Endmember Extraction From Highly Mixed Data Using Linear Mixture Model Constrained Particle Swarm Optimization

2019 
Spectral unmixing is one of the most important techniques for analyzing hyperspectral images. Many of the hyperspectral unmixing algorithms developed in recent years have been developed under an assumption that pure pixels exist, and some algorithms, such as N-finder algorithm (N-FINDR) and vertex component analysis (VCA), can only search data points in this case.
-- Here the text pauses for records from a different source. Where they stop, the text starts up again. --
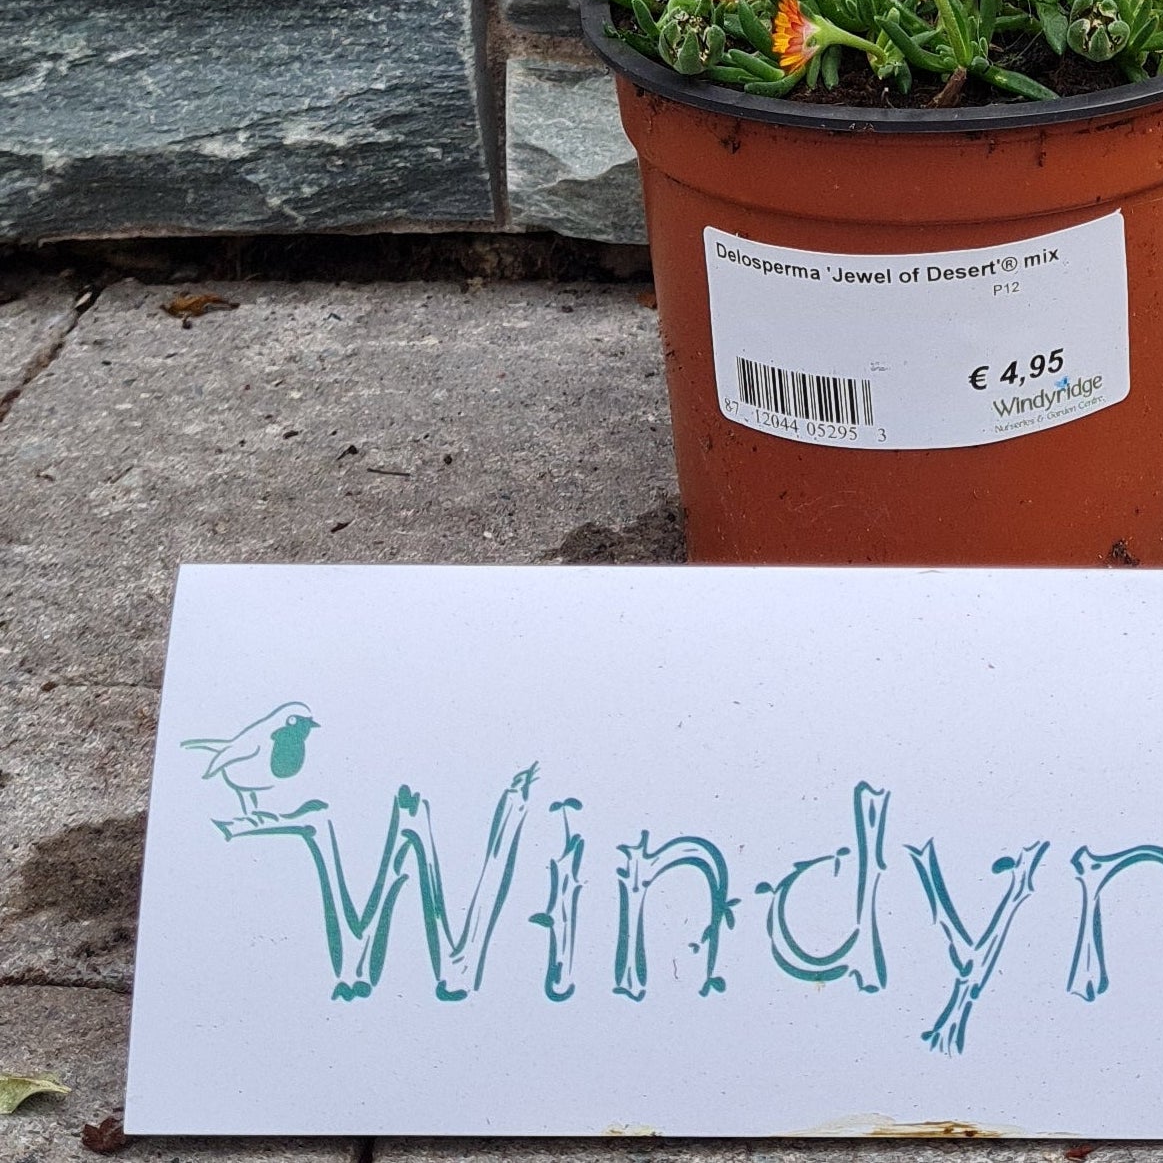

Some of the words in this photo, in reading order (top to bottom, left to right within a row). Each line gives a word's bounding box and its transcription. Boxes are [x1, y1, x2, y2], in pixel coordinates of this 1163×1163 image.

[716, 242, 821, 280] Delosperma
[826, 266, 891, 284] 'Jewel
[899, 267, 919, 283] of
[1024, 248, 1059, 268] mix
[993, 282, 1020, 296] P12
[968, 365, 989, 390] €
[1000, 348, 1064, 387] 4,95
[993, 375, 1103, 418] Windyridge
[806, 422, 858, 440] 05295
[877, 428, 887, 442] 3
However, the pure-pixel assumption may be seriously violated for highly mixed data. Whether a pure pixel exists or not, the endmember extraction can be regarded as an optimization problem. In this paper, we incorporate the linear mixture model (LMM) and particle swarm optimization (PSO) to develop LMM constrained PSO (LMMC-PSO) for endmember extraction from highly mixed data. The main contribution of the proposed method is that we redefine the particle motion rules. Each particle in LMMC-PSO moves in the search space according to the LMM, rather than with a velocity. The LMM is one kind of relationship between endmembers and mixed pixels, which can help guide efforts to build a path from mixed pixels to endmembers in PSO. The proposed algorithm was tested and evaluated with both synthetic and real hyperspectral data sets. The experimental results indicated that the proposed method obtains better results with highly mixed data than the algorithms of VCA, minimum volume constrained nonnegative matrix factorization, minimum volume simplex analysis (MVSA), robust MVSA, the convex analysis-based minimum volume enclosing simplex, and simplex identification via variable splitting and augmented Lagrangian.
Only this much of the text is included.